Anglo-Dutch energy giant Royal Dutch Shell, French peer Total and Spain's Repsol on Thursday logged surging second-quarter net profits on the back of soaring oil prices.
Rising oil prices can push up inflation and adversely impact the world economy further down the line -- but first they translate into rising revenues and profits for energy majors and producer nations.
"The rise in the price of crude is obviously very good news for oil companies," said analyst Fawad Razaqzada at trading firm Forex.com.
He added: "The higher the price of oil goes, the better the profit margins and revenue would be for oil companies."
The oil market has been propelled by a December 2016 deal between the Organization of the Petroleum Exporting Countries (Opec) cartel and Russia to curb production. The price of London Brent crude, which is the main global oil benchmark, has jumped about 50 percent over the last twelve months to the current level of $74 per barrel.

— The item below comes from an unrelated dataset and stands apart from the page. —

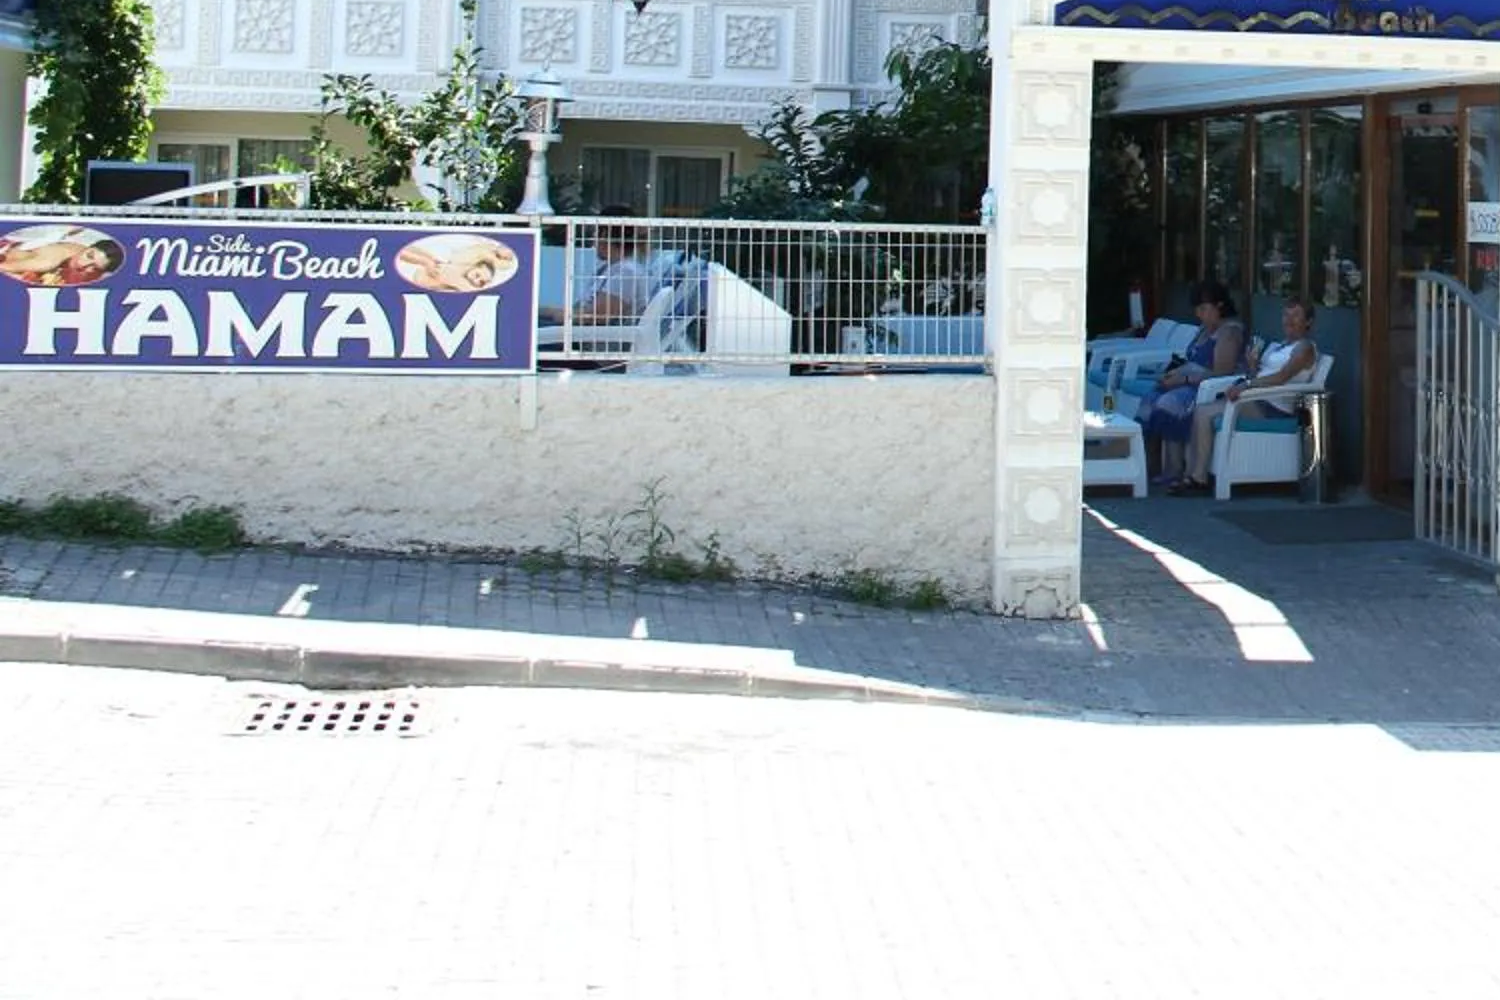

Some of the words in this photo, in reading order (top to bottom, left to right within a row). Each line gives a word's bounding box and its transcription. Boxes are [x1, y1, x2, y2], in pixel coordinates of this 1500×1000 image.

[136, 237, 267, 278] Miami
[268, 238, 385, 281] Beach
[207, 233, 254, 254] Side
[22, 287, 501, 360] HAMAM

Fearing an out-of-control spike in prices, Opec and Russia reached a new deal in June to open the taps.
The buoyant market has nevertheless fizzed higher on output disruptions in oil producers like Iran, Libya and Venezuela.
Royal Dutch Shell announced Thursday that second-quarter net profits quadrupled, energised by high oil prices and asset sales, and launched a vast $25-billion shares buyback.